WHAT YOU NEED TO DO. Give back every record verbatim, but not the pictures.
□ □ □ □
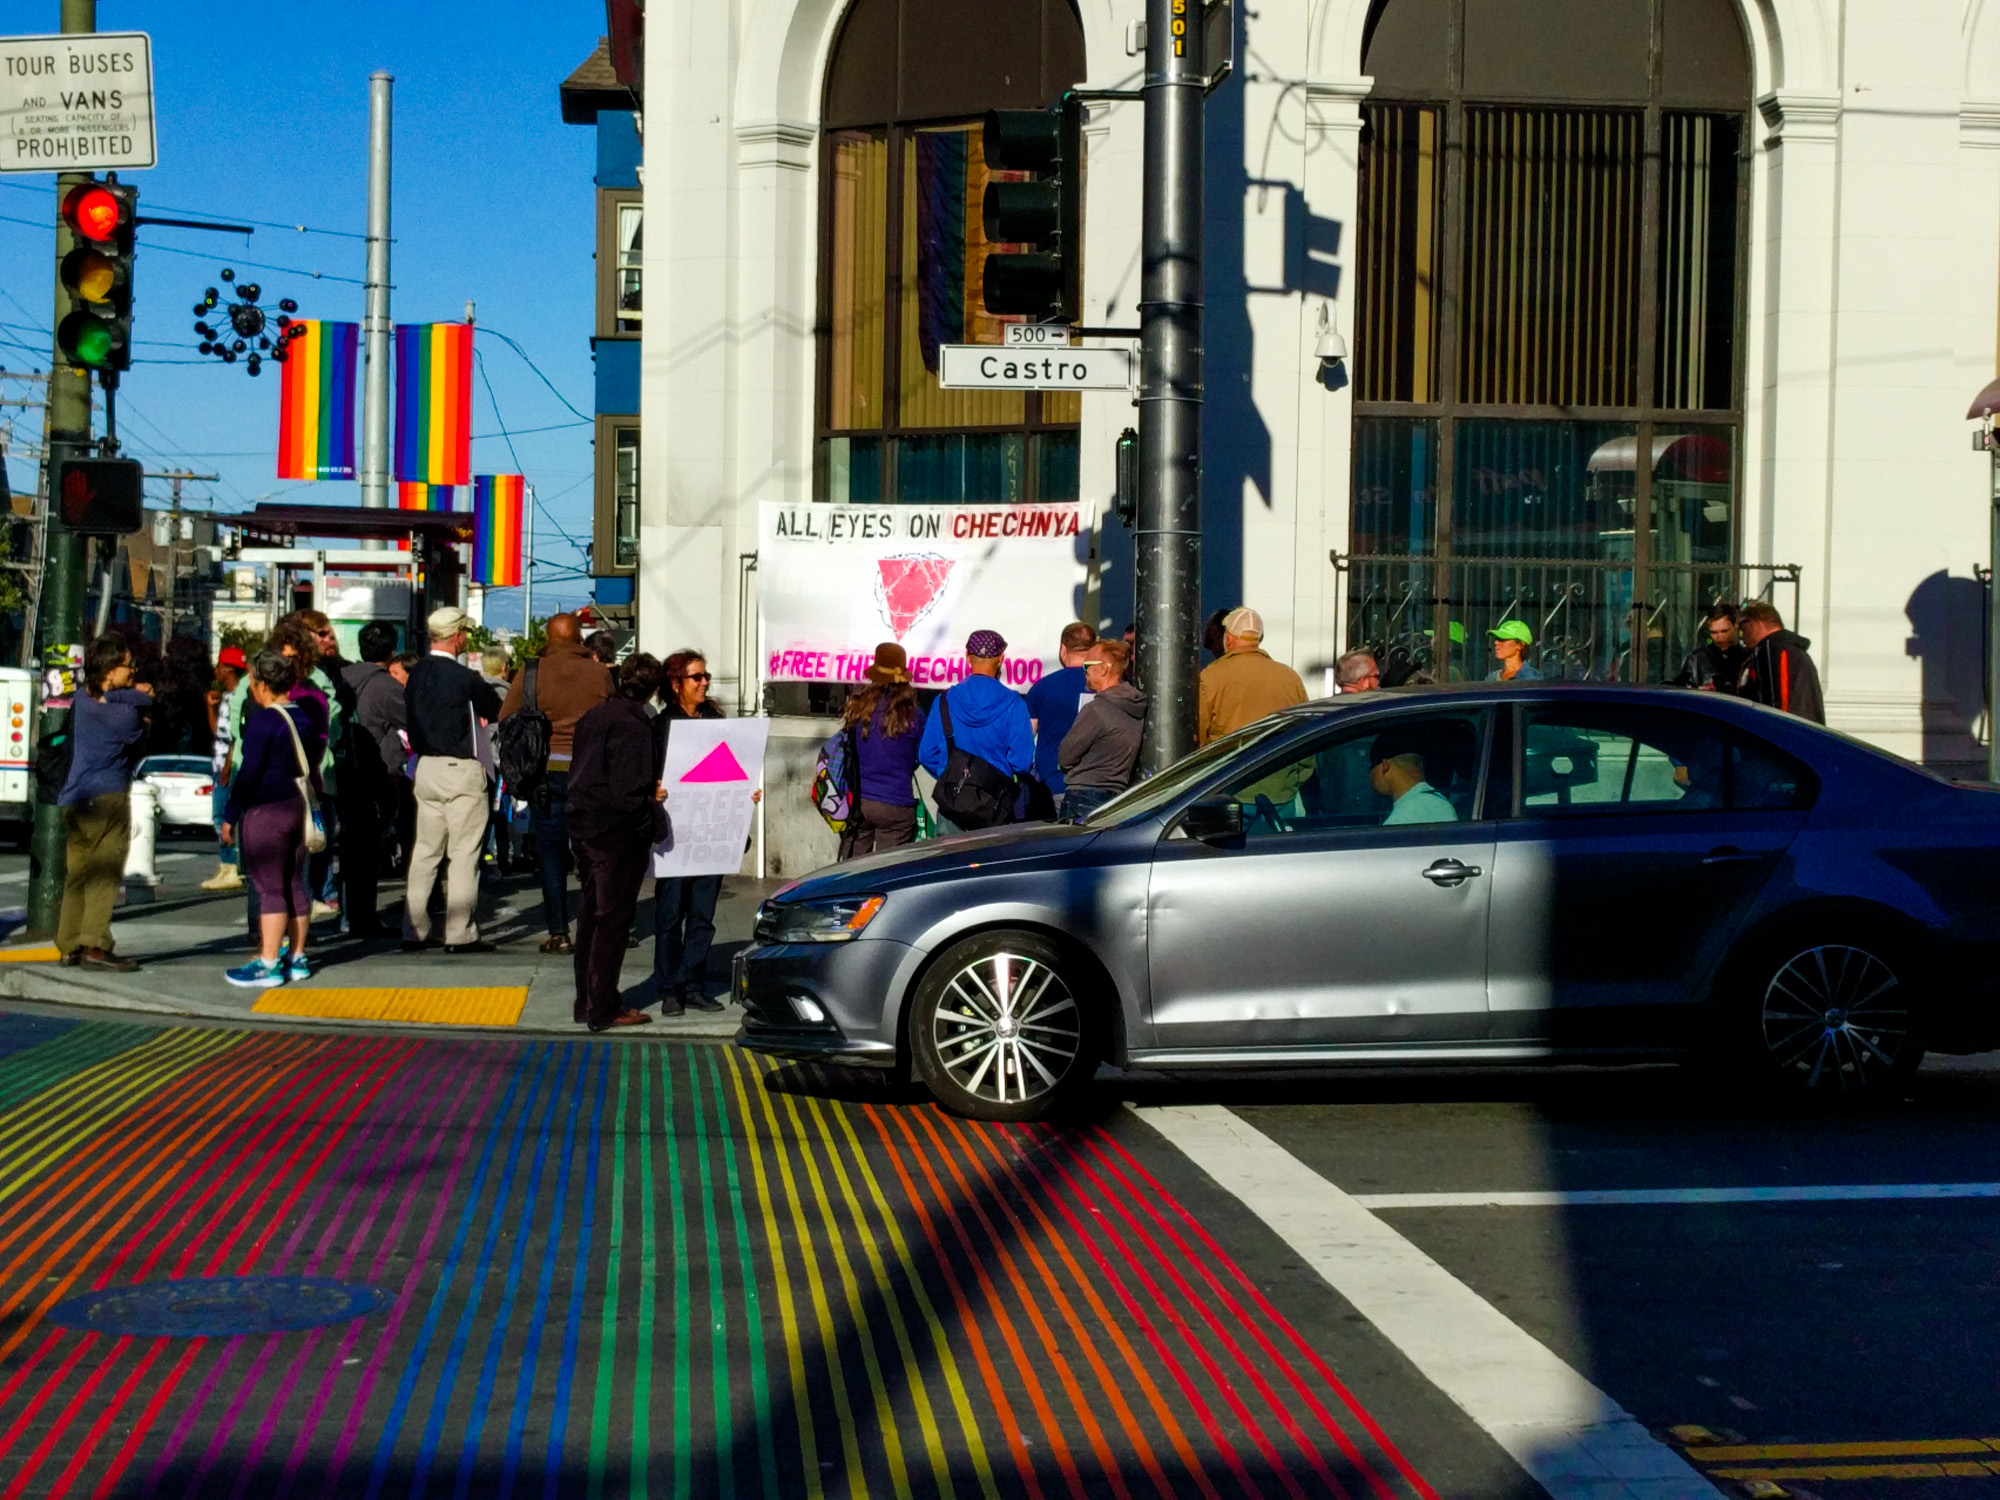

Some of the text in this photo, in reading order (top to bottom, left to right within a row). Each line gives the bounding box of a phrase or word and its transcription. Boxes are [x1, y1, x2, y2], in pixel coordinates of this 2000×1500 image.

[6, 53, 135, 76] TOUR BUSES
[22, 90, 123, 110] AND VANS
[24, 115, 60, 124] SEATING
[65, 113, 106, 122] CAPACITY
[47, 125, 70, 134] MORE
[76, 123, 131, 133] PASSENGERS
[16, 136, 133, 158] PROHIBITED
[1012, 327, 1047, 343] 500
[980, 356, 1088, 380] Castro
[776, 511, 1081, 539] ALL EYES ON CHECHNYA
[769, 649, 831, 679] #FREE
[1004, 657, 1044, 686] 100
[669, 789, 749, 822] FREE
□ □ □ □
RESPONSE AREA.
Some of the text in this photo, in reading order (top to bottom, left to right within a row). Each line gives the bounding box of a phrase or word and its transcription. Boxes are [x1, y1, x2, y2], in pixel coordinates of this 2000×1500 image.

[6, 53, 135, 76] TOUR BUSES
[22, 90, 123, 110] AND VANS
[24, 115, 60, 124] SEATING
[65, 113, 106, 122] CAPACITY
[47, 125, 70, 134] MORE
[76, 123, 131, 133] PASSENGERS
[16, 136, 133, 158] PROHIBITED
[1012, 327, 1047, 343] 500
[980, 356, 1088, 380] Castro
[776, 511, 1081, 539] ALL EYES ON CHECHNYA
[769, 649, 831, 679] #FREE
[1004, 657, 1044, 686] 100
[669, 789, 749, 822] FREE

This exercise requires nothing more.